BEGIN

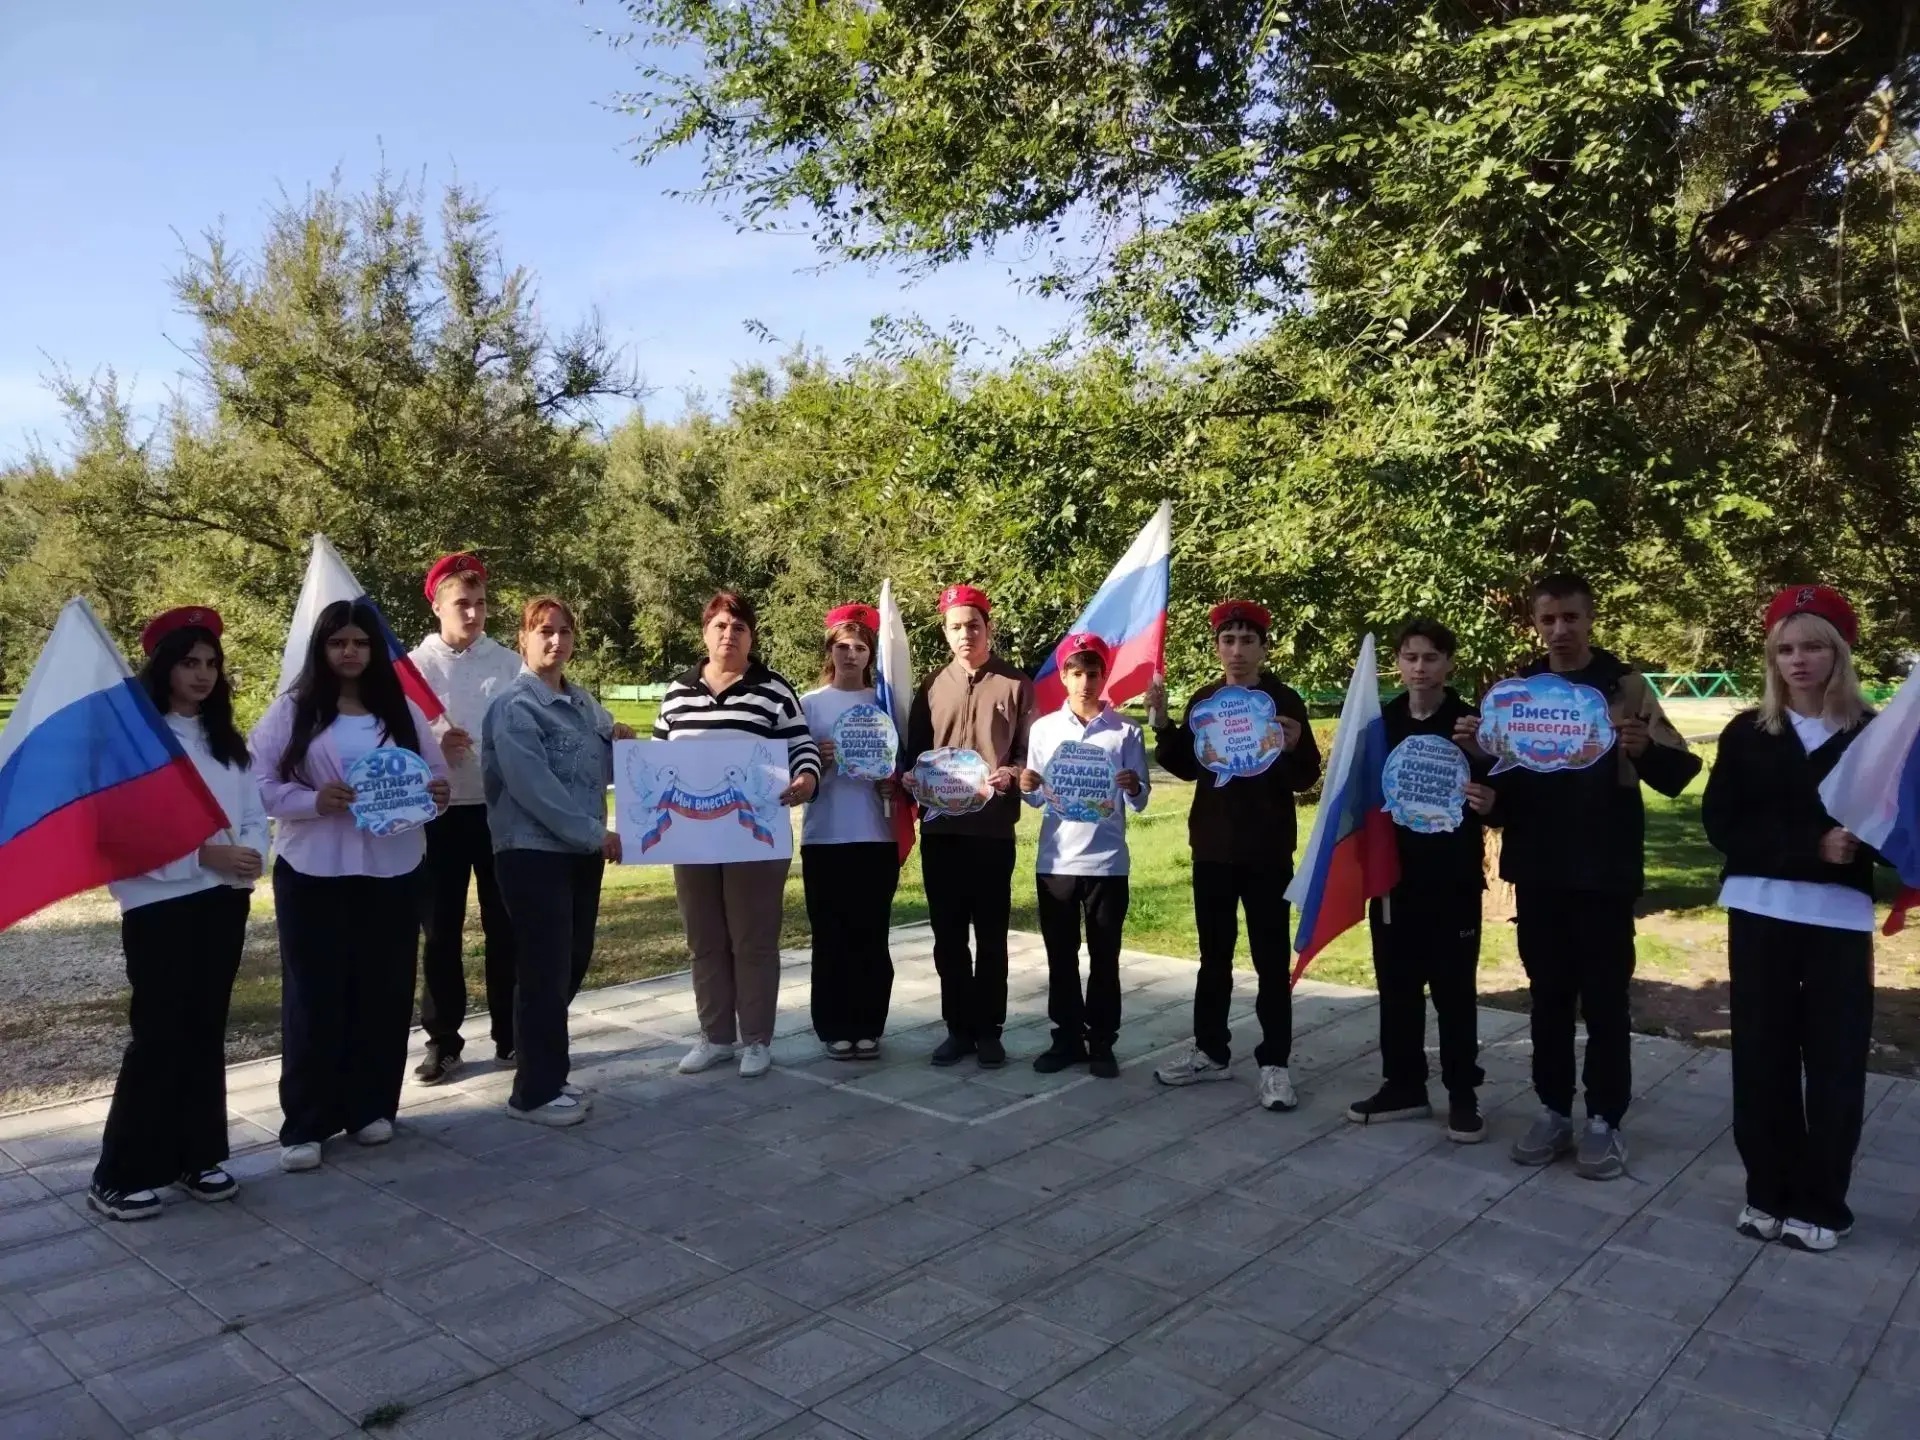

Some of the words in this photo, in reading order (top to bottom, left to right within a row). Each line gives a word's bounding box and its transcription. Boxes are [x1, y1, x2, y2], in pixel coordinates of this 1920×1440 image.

[852, 704, 875, 717] 30
[1221, 699, 1245, 709] Одна
[1218, 705, 1251, 719] страна!
[1512, 702, 1581, 721] Вместе
[1223, 723, 1253, 735] семья!
[1224, 717, 1248, 728] Одна
[1507, 721, 1587, 736] навсегда!
[841, 739, 889, 749] БУДУЩЕЕ
[1228, 735, 1252, 745] Одна
[1407, 738, 1425, 751] 30
[844, 749, 882, 758] ВМЕСТЕ
[1061, 744, 1077, 754] 30
[1225, 741, 1258, 754] Россия!
[366, 751, 407, 778] 30
[1052, 763, 1110, 778] УВАЖАЕМ
[1402, 758, 1458, 779] ПОМНИМ
[355, 773, 424, 793] СЕНТЯБРЯ
[1052, 776, 1111, 789] ТРАДИЦИИ
[1397, 768, 1458, 789] ИСТОРИЮ
[374, 788, 409, 801] ДЕНЬ
[1053, 786, 1077, 797] ДРУГ
[1079, 788, 1107, 799] ДРУГА
[1396, 789, 1451, 808] РЕГИОНОВ
[671, 789, 691, 809] Мы
[695, 788, 736, 811] вместе!
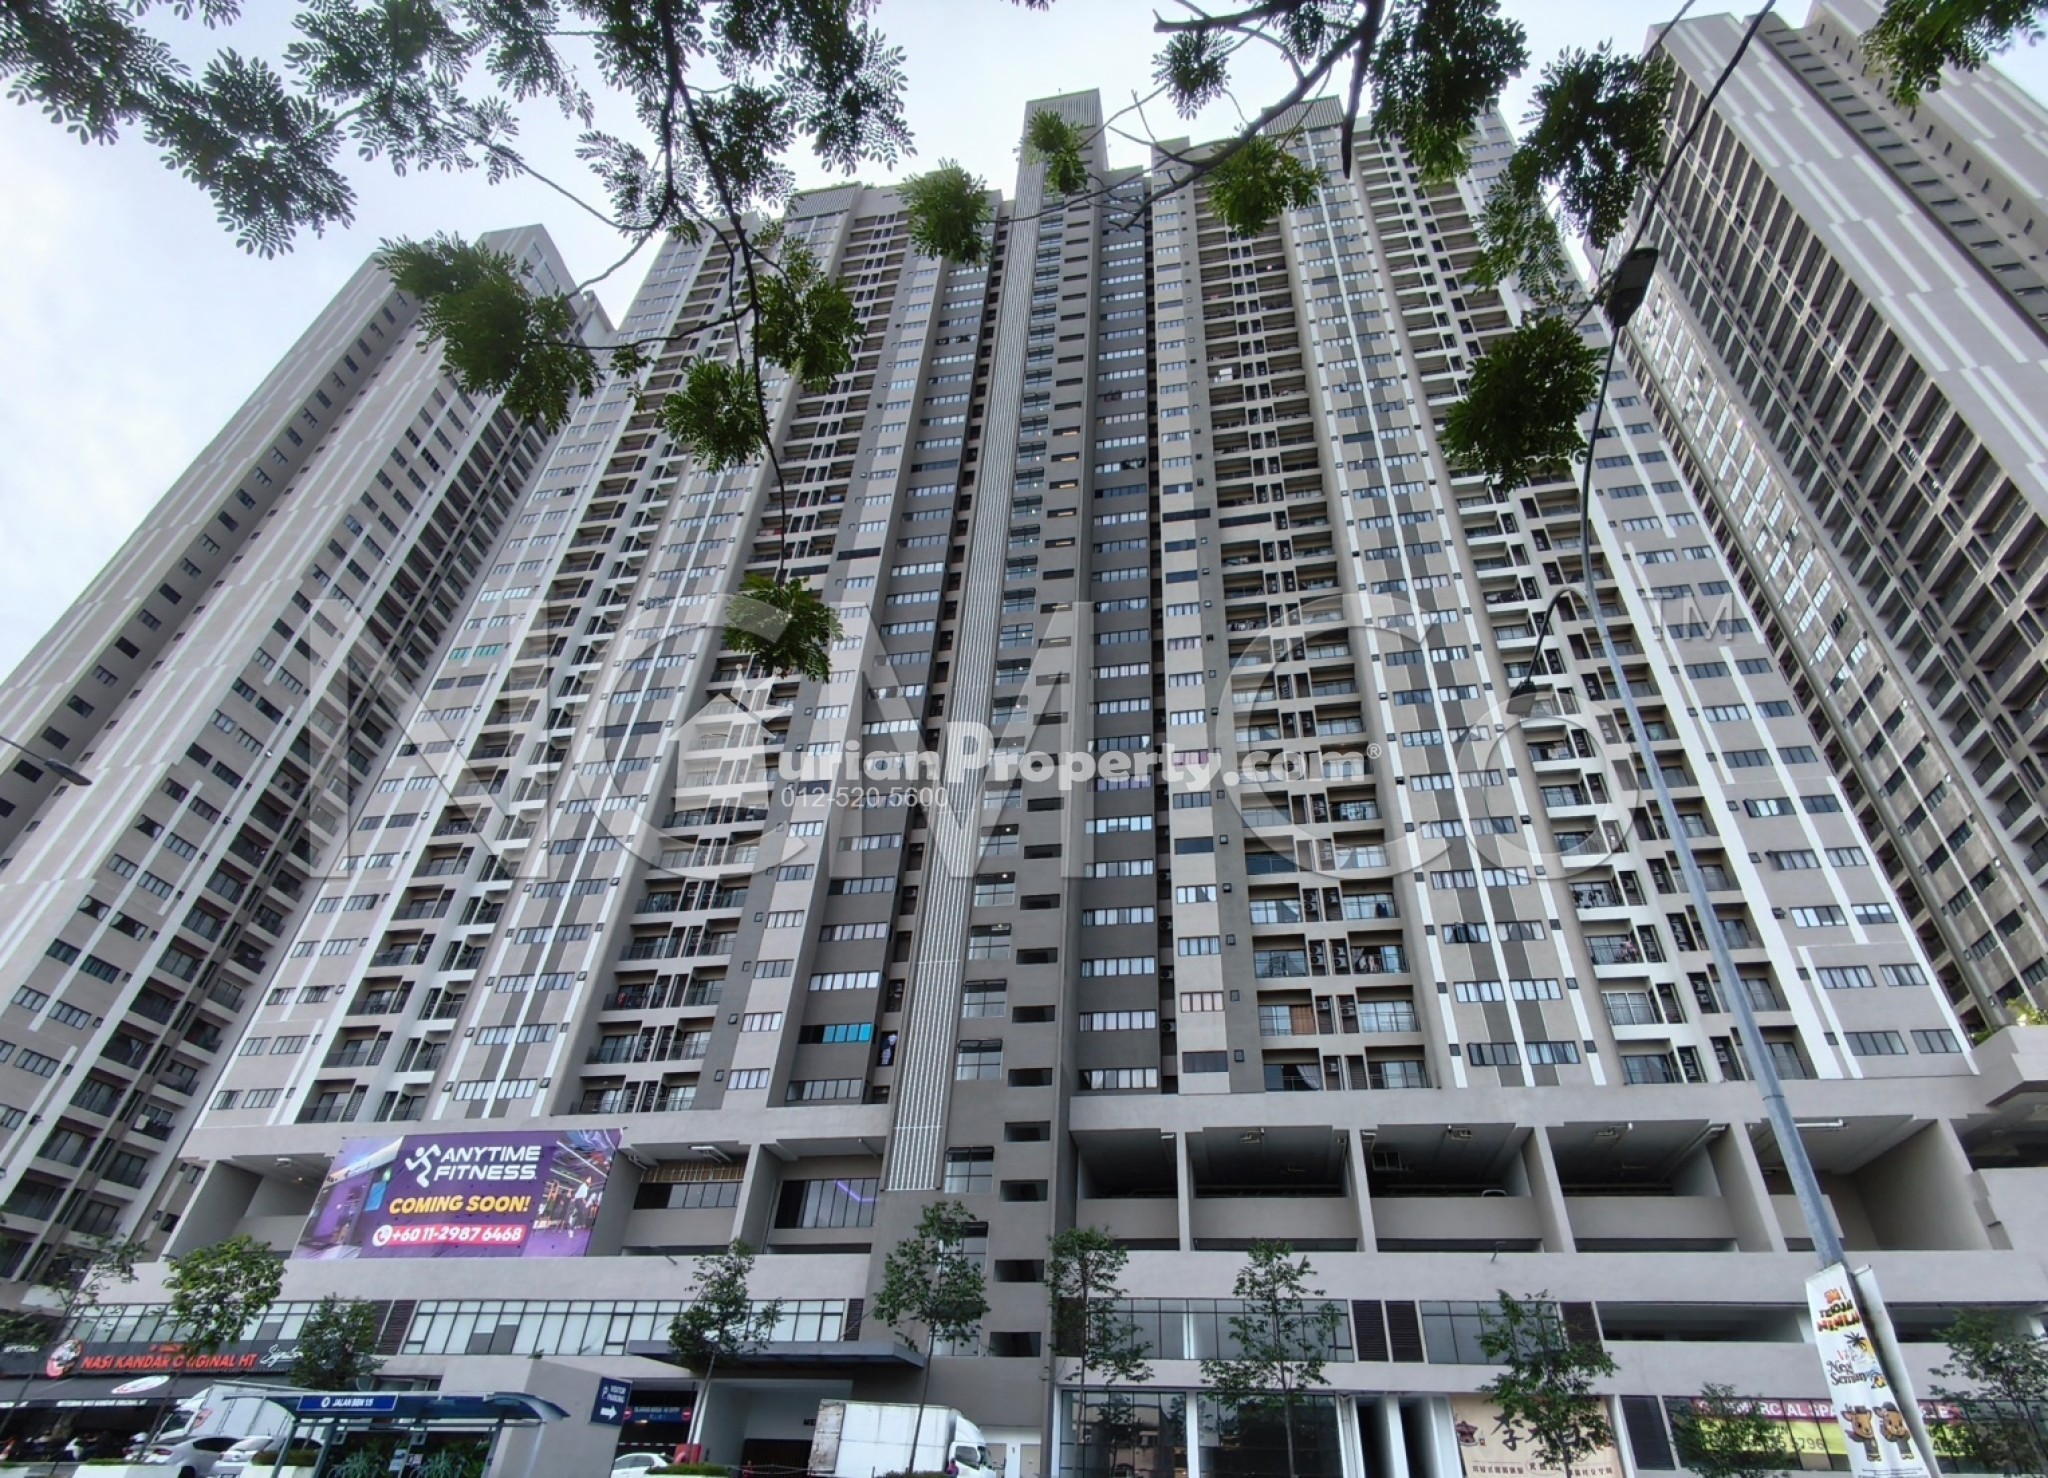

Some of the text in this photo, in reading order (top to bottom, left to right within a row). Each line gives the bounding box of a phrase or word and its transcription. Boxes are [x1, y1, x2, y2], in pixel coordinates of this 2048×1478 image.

END

Copy every entry exactly; drop the pictures.

Some of the words in this photo, in reading order (top to bottom, left to right within a row). Each line gives a word's bounding box and its transcription. Boxes are [x1, y1, x2, y2], in pixel coordinates of this 1920×1440 image.

[852, 704, 875, 717] 30
[1221, 699, 1245, 709] Одна
[1218, 705, 1251, 719] страна!
[1512, 702, 1581, 721] Вместе
[1223, 723, 1253, 735] семья!
[1224, 717, 1248, 728] Одна
[1507, 721, 1587, 736] навсегда!
[841, 739, 889, 749] БУДУЩЕЕ
[1228, 735, 1252, 745] Одна
[1407, 738, 1425, 751] 30
[844, 749, 882, 758] ВМЕСТЕ
[1061, 744, 1077, 754] 30
[1225, 741, 1258, 754] Россия!
[366, 751, 407, 778] 30
[1052, 763, 1110, 778] УВАЖАЕМ
[1402, 758, 1458, 779] ПОМНИМ
[355, 773, 424, 793] СЕНТЯБРЯ
[1052, 776, 1111, 789] ТРАДИЦИИ
[1397, 768, 1458, 789] ИСТОРИЮ
[374, 788, 409, 801] ДЕНЬ
[1053, 786, 1077, 797] ДРУГ
[1079, 788, 1107, 799] ДРУГА
[1396, 789, 1451, 808] РЕГИОНОВ
[671, 789, 691, 809] Мы
[695, 788, 736, 811] вместе!

Some of the text in this photo, in reading order (top to bottom, left to right within a row). Each line gives the bounding box of a phrase or word and its transcription. Boxes are [x1, y1, x2, y2], in pixel coordinates of this 2048×1478 image.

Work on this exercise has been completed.